* **About this exercise**:
Could you return all of the records exactly as they stand?

* **Supplied material**:
::::::::::

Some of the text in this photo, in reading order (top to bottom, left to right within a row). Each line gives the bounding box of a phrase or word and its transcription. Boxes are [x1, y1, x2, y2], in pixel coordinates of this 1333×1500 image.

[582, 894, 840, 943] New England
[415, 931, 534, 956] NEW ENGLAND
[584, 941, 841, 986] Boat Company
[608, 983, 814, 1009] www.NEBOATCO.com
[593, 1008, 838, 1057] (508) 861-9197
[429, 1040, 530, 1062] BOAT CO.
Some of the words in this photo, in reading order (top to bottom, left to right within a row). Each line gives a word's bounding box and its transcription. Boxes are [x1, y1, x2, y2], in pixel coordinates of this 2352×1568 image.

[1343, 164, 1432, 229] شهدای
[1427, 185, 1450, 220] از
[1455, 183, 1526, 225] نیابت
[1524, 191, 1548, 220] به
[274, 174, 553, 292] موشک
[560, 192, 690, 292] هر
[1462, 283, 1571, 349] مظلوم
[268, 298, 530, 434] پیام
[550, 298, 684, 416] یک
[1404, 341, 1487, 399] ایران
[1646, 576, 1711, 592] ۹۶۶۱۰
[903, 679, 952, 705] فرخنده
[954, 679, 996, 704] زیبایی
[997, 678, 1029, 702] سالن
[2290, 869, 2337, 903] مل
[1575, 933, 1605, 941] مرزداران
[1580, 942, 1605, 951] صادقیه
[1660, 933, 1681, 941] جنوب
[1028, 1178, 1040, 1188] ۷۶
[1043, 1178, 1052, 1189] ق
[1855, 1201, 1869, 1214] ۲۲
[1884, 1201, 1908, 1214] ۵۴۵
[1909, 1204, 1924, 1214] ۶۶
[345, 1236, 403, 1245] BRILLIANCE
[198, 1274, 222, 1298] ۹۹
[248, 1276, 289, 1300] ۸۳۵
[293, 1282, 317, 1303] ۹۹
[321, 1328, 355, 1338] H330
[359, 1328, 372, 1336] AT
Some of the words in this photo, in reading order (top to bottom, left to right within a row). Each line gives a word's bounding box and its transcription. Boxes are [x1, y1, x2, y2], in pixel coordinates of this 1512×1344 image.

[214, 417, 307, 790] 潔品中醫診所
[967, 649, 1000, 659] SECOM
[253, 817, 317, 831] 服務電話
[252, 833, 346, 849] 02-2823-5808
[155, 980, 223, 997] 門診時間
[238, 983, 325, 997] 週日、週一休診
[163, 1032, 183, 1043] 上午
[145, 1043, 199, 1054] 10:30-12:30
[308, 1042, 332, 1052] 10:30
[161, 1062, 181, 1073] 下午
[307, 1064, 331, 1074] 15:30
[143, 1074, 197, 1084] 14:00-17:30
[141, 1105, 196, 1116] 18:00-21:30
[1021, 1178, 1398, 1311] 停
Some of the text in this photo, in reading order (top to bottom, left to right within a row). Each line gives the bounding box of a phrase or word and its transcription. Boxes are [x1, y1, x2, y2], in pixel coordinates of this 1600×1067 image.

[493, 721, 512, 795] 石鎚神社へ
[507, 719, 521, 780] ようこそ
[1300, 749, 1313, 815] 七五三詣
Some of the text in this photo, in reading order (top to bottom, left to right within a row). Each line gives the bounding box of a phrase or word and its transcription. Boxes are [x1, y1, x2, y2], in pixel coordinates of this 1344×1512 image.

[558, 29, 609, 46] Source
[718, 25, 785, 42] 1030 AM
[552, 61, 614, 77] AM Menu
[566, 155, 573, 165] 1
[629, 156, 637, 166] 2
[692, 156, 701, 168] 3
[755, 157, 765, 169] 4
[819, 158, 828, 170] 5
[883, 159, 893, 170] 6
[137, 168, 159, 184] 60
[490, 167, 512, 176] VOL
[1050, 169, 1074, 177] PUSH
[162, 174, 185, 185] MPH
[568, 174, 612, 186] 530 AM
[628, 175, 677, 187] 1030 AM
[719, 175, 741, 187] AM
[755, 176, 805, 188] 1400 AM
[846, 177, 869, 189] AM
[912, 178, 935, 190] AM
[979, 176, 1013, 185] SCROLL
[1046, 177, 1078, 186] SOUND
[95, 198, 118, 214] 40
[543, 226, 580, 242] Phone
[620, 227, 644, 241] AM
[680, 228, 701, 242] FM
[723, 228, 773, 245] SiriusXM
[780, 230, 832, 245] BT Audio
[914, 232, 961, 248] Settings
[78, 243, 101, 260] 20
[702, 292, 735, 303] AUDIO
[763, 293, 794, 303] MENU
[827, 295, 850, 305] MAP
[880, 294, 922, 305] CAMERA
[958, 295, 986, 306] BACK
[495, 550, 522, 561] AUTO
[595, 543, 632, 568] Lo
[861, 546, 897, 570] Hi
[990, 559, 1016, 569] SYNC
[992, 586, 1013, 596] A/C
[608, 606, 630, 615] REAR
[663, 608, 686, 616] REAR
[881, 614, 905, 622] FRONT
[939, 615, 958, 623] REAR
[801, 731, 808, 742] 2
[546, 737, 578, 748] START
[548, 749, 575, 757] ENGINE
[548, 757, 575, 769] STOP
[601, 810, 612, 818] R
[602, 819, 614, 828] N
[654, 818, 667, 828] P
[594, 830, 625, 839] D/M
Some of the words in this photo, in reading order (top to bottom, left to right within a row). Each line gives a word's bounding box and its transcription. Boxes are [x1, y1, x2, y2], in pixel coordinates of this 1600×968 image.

::::::::::

* **Worked solution**:
Some of the text in this photo, in reading order (top to bottom, left to right within a row). Each line gives the bounding box of a phrase or word and its transcription. Boxes are [x1, y1, x2, y2], in pixel coordinates of this 1333×1500 image.

[582, 894, 840, 943] New England
[415, 931, 534, 956] NEW ENGLAND
[584, 941, 841, 986] Boat Company
[608, 983, 814, 1009] www.NEBOATCO.com
[593, 1008, 838, 1057] (508) 861-9197
[429, 1040, 530, 1062] BOAT CO.
Some of the words in this photo, in reading order (top to bottom, left to right within a row). Each line gives a word's bounding box and its transcription. Boxes are [x1, y1, x2, y2], in pixel coordinates of this 2352×1568 image.

[1343, 164, 1432, 229] شهدای
[1427, 185, 1450, 220] از
[1455, 183, 1526, 225] نیابت
[1524, 191, 1548, 220] به
[274, 174, 553, 292] موشک
[560, 192, 690, 292] هر
[1462, 283, 1571, 349] مظلوم
[268, 298, 530, 434] پیام
[550, 298, 684, 416] یک
[1404, 341, 1487, 399] ایران
[1646, 576, 1711, 592] ۹۶۶۱۰
[903, 679, 952, 705] فرخنده
[954, 679, 996, 704] زیبایی
[997, 678, 1029, 702] سالن
[2290, 869, 2337, 903] مل
[1575, 933, 1605, 941] مرزداران
[1580, 942, 1605, 951] صادقیه
[1660, 933, 1681, 941] جنوب
[1028, 1178, 1040, 1188] ۷۶
[1043, 1178, 1052, 1189] ق
[1855, 1201, 1869, 1214] ۲۲
[1884, 1201, 1908, 1214] ۵۴۵
[1909, 1204, 1924, 1214] ۶۶
[345, 1236, 403, 1245] BRILLIANCE
[198, 1274, 222, 1298] ۹۹
[248, 1276, 289, 1300] ۸۳۵
[293, 1282, 317, 1303] ۹۹
[321, 1328, 355, 1338] H330
[359, 1328, 372, 1336] AT
Some of the words in this photo, in reading order (top to bottom, left to right within a row). Each line gives a word's bounding box and its transcription. Boxes are [x1, y1, x2, y2], in pixel coordinates of this 1512×1344 image.

[214, 417, 307, 790] 潔品中醫診所
[967, 649, 1000, 659] SECOM
[253, 817, 317, 831] 服務電話
[252, 833, 346, 849] 02-2823-5808
[155, 980, 223, 997] 門診時間
[238, 983, 325, 997] 週日、週一休診
[163, 1032, 183, 1043] 上午
[145, 1043, 199, 1054] 10:30-12:30
[308, 1042, 332, 1052] 10:30
[161, 1062, 181, 1073] 下午
[307, 1064, 331, 1074] 15:30
[143, 1074, 197, 1084] 14:00-17:30
[141, 1105, 196, 1116] 18:00-21:30
[1021, 1178, 1398, 1311] 停
Some of the text in this photo, in reading order (top to bottom, left to right within a row). Each line gives the bounding box of a phrase or word and its transcription. Boxes are [x1, y1, x2, y2], in pixel coordinates of this 1600×1067 image.

[493, 721, 512, 795] 石鎚神社へ
[507, 719, 521, 780] ようこそ
[1300, 749, 1313, 815] 七五三詣
Some of the text in this photo, in reading order (top to bottom, left to right within a row). Each line gives the bounding box of a phrase or word and its transcription. Boxes are [x1, y1, x2, y2], in pixel coordinates of this 1344×1512 image.

[558, 29, 609, 46] Source
[718, 25, 785, 42] 1030 AM
[552, 61, 614, 77] AM Menu
[566, 155, 573, 165] 1
[629, 156, 637, 166] 2
[692, 156, 701, 168] 3
[755, 157, 765, 169] 4
[819, 158, 828, 170] 5
[883, 159, 893, 170] 6
[137, 168, 159, 184] 60
[490, 167, 512, 176] VOL
[1050, 169, 1074, 177] PUSH
[162, 174, 185, 185] MPH
[568, 174, 612, 186] 530 AM
[628, 175, 677, 187] 1030 AM
[719, 175, 741, 187] AM
[755, 176, 805, 188] 1400 AM
[846, 177, 869, 189] AM
[912, 178, 935, 190] AM
[979, 176, 1013, 185] SCROLL
[1046, 177, 1078, 186] SOUND
[95, 198, 118, 214] 40
[543, 226, 580, 242] Phone
[620, 227, 644, 241] AM
[680, 228, 701, 242] FM
[723, 228, 773, 245] SiriusXM
[780, 230, 832, 245] BT Audio
[914, 232, 961, 248] Settings
[78, 243, 101, 260] 20
[702, 292, 735, 303] AUDIO
[763, 293, 794, 303] MENU
[827, 295, 850, 305] MAP
[880, 294, 922, 305] CAMERA
[958, 295, 986, 306] BACK
[495, 550, 522, 561] AUTO
[595, 543, 632, 568] Lo
[861, 546, 897, 570] Hi
[990, 559, 1016, 569] SYNC
[992, 586, 1013, 596] A/C
[608, 606, 630, 615] REAR
[663, 608, 686, 616] REAR
[881, 614, 905, 622] FRONT
[939, 615, 958, 623] REAR
[801, 731, 808, 742] 2
[546, 737, 578, 748] START
[548, 749, 575, 757] ENGINE
[548, 757, 575, 769] STOP
[601, 810, 612, 818] R
[602, 819, 614, 828] N
[654, 818, 667, 828] P
[594, 830, 625, 839] D/M
Some of the words in this photo, in reading order (top to bottom, left to right within a row). Each line gives a word's bounding box and its transcription. Boxes are [x1, y1, x2, y2], in pixel coordinates of this 1600×968 image.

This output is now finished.